Problem to solve:
Each record is to be given again precisely as written.

Data for processing:
* * *

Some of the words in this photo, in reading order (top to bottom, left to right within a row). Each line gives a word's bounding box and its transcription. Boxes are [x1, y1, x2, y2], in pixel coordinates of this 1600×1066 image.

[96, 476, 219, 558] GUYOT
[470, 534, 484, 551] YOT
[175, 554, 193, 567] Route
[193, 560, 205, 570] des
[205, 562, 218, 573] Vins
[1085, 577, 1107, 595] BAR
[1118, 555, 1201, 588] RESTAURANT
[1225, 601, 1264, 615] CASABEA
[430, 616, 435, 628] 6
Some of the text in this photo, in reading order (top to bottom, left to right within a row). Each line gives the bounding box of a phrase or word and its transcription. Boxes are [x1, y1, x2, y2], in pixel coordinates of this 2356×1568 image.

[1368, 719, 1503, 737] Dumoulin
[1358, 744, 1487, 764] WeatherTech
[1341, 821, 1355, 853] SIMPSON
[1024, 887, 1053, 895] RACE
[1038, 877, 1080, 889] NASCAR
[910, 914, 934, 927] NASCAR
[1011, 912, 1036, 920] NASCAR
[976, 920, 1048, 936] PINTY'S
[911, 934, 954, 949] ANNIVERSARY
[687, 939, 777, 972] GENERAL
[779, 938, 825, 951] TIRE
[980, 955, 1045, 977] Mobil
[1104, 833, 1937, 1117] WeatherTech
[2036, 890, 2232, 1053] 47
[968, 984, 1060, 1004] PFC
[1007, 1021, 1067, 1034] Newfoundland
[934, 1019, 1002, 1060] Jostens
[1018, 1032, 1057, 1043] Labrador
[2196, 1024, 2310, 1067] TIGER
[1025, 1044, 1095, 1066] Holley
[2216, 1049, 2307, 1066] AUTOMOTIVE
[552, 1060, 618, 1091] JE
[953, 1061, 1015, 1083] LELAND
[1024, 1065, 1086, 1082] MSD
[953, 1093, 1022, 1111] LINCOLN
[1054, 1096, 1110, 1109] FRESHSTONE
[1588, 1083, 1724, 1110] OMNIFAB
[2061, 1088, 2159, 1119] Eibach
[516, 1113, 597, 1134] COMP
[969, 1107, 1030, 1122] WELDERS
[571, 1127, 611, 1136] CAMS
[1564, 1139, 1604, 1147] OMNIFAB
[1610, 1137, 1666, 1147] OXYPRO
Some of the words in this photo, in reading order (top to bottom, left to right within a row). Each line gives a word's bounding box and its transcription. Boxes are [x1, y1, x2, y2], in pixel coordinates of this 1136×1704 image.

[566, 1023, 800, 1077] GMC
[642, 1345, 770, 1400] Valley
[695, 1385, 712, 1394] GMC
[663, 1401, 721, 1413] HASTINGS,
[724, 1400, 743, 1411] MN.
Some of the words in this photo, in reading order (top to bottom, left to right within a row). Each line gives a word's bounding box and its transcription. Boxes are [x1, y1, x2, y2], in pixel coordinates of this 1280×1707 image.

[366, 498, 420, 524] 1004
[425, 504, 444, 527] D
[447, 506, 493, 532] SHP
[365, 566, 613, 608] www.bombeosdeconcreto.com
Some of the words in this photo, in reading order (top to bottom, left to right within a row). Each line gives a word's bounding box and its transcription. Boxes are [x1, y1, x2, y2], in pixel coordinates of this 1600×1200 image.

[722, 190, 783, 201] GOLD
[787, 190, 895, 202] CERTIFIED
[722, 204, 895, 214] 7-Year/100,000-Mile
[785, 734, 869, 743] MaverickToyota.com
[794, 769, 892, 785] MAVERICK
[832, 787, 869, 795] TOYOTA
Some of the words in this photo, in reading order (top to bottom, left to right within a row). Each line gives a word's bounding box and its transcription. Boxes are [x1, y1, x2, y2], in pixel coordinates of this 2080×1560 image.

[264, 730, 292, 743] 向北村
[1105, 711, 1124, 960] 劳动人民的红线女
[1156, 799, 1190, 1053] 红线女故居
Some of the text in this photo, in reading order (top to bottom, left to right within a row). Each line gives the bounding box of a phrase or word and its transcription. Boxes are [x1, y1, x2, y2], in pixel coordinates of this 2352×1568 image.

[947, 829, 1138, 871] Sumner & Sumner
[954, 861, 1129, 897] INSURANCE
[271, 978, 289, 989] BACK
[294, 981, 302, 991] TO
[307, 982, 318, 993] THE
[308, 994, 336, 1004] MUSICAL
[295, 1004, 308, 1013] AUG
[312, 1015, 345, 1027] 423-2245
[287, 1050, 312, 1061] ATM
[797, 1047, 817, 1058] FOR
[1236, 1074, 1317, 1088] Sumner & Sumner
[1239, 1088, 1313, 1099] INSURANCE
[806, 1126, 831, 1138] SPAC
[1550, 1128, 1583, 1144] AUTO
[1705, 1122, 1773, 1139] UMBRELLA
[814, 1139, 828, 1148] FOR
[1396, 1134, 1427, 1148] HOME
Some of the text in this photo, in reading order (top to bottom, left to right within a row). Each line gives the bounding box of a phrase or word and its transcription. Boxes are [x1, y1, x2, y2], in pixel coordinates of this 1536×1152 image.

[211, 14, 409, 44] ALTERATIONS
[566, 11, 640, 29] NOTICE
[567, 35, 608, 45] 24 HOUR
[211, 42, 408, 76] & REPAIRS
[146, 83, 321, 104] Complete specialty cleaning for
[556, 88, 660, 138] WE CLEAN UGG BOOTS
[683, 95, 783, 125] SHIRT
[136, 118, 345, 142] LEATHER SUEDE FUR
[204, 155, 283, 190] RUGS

* * *

Answer box:
Some of the words in this photo, in reading order (top to bottom, left to right within a row). Each line gives a word's bounding box and its transcription. Boxes are [x1, y1, x2, y2], in pixel coordinates of this 1600×1066 image.

[96, 476, 219, 558] GUYOT
[470, 534, 484, 551] YOT
[175, 554, 193, 567] Route
[193, 560, 205, 570] des
[205, 562, 218, 573] Vins
[1085, 577, 1107, 595] BAR
[1118, 555, 1201, 588] RESTAURANT
[1225, 601, 1264, 615] CASABEA
[430, 616, 435, 628] 6
Some of the text in this photo, in reading order (top to bottom, left to right within a row). Each line gives the bounding box of a phrase or word and its transcription. Boxes are [x1, y1, x2, y2], in pixel coordinates of this 2356×1568 image.

[1368, 719, 1503, 737] Dumoulin
[1358, 744, 1487, 764] WeatherTech
[1341, 821, 1355, 853] SIMPSON
[1024, 887, 1053, 895] RACE
[1038, 877, 1080, 889] NASCAR
[910, 914, 934, 927] NASCAR
[1011, 912, 1036, 920] NASCAR
[976, 920, 1048, 936] PINTY'S
[911, 934, 954, 949] ANNIVERSARY
[687, 939, 777, 972] GENERAL
[779, 938, 825, 951] TIRE
[980, 955, 1045, 977] Mobil
[1104, 833, 1937, 1117] WeatherTech
[2036, 890, 2232, 1053] 47
[968, 984, 1060, 1004] PFC
[1007, 1021, 1067, 1034] Newfoundland
[934, 1019, 1002, 1060] Jostens
[1018, 1032, 1057, 1043] Labrador
[2196, 1024, 2310, 1067] TIGER
[1025, 1044, 1095, 1066] Holley
[2216, 1049, 2307, 1066] AUTOMOTIVE
[552, 1060, 618, 1091] JE
[953, 1061, 1015, 1083] LELAND
[1024, 1065, 1086, 1082] MSD
[953, 1093, 1022, 1111] LINCOLN
[1054, 1096, 1110, 1109] FRESHSTONE
[1588, 1083, 1724, 1110] OMNIFAB
[2061, 1088, 2159, 1119] Eibach
[516, 1113, 597, 1134] COMP
[969, 1107, 1030, 1122] WELDERS
[571, 1127, 611, 1136] CAMS
[1564, 1139, 1604, 1147] OMNIFAB
[1610, 1137, 1666, 1147] OXYPRO
Some of the words in this photo, in reading order (top to bottom, left to right within a row). Each line gives a word's bounding box and its transcription. Boxes are [x1, y1, x2, y2], in pixel coordinates of this 1136×1704 image.

[566, 1023, 800, 1077] GMC
[642, 1345, 770, 1400] Valley
[695, 1385, 712, 1394] GMC
[663, 1401, 721, 1413] HASTINGS,
[724, 1400, 743, 1411] MN.
Some of the words in this photo, in reading order (top to bottom, left to right within a row). Each line gives a word's bounding box and its transcription. Boxes are [x1, y1, x2, y2], in pixel coordinates of this 1280×1707 image.

[366, 498, 420, 524] 1004
[425, 504, 444, 527] D
[447, 506, 493, 532] SHP
[365, 566, 613, 608] www.bombeosdeconcreto.com
Some of the words in this photo, in reading order (top to bottom, left to right within a row). Each line gives a word's bounding box and its transcription. Boxes are [x1, y1, x2, y2], in pixel coordinates of this 1600×1200 image.

[722, 190, 783, 201] GOLD
[787, 190, 895, 202] CERTIFIED
[722, 204, 895, 214] 7-Year/100,000-Mile
[785, 734, 869, 743] MaverickToyota.com
[794, 769, 892, 785] MAVERICK
[832, 787, 869, 795] TOYOTA
Some of the words in this photo, in reading order (top to bottom, left to right within a row). Each line gives a word's bounding box and its transcription. Boxes are [x1, y1, x2, y2], in pixel coordinates of this 2080×1560 image.

[264, 730, 292, 743] 向北村
[1105, 711, 1124, 960] 劳动人民的红线女
[1156, 799, 1190, 1053] 红线女故居
Some of the text in this photo, in reading order (top to bottom, left to right within a row). Each line gives the bounding box of a phrase or word and its transcription. Boxes are [x1, y1, x2, y2], in pixel coordinates of this 2352×1568 image.

[947, 829, 1138, 871] Sumner & Sumner
[954, 861, 1129, 897] INSURANCE
[271, 978, 289, 989] BACK
[294, 981, 302, 991] TO
[307, 982, 318, 993] THE
[308, 994, 336, 1004] MUSICAL
[295, 1004, 308, 1013] AUG
[312, 1015, 345, 1027] 423-2245
[287, 1050, 312, 1061] ATM
[797, 1047, 817, 1058] FOR
[1236, 1074, 1317, 1088] Sumner & Sumner
[1239, 1088, 1313, 1099] INSURANCE
[806, 1126, 831, 1138] SPAC
[1550, 1128, 1583, 1144] AUTO
[1705, 1122, 1773, 1139] UMBRELLA
[814, 1139, 828, 1148] FOR
[1396, 1134, 1427, 1148] HOME
Some of the text in this photo, in reading order (top to bottom, left to right within a row). Each line gives the bounding box of a phrase or word and its transcription. Boxes are [x1, y1, x2, y2], in pixel coordinates of this 1536×1152 image.

[211, 14, 409, 44] ALTERATIONS
[566, 11, 640, 29] NOTICE
[567, 35, 608, 45] 24 HOUR
[211, 42, 408, 76] & REPAIRS
[146, 83, 321, 104] Complete specialty cleaning for
[556, 88, 660, 138] WE CLEAN UGG BOOTS
[683, 95, 783, 125] SHIRT
[136, 118, 345, 142] LEATHER SUEDE FUR
[204, 155, 283, 190] RUGS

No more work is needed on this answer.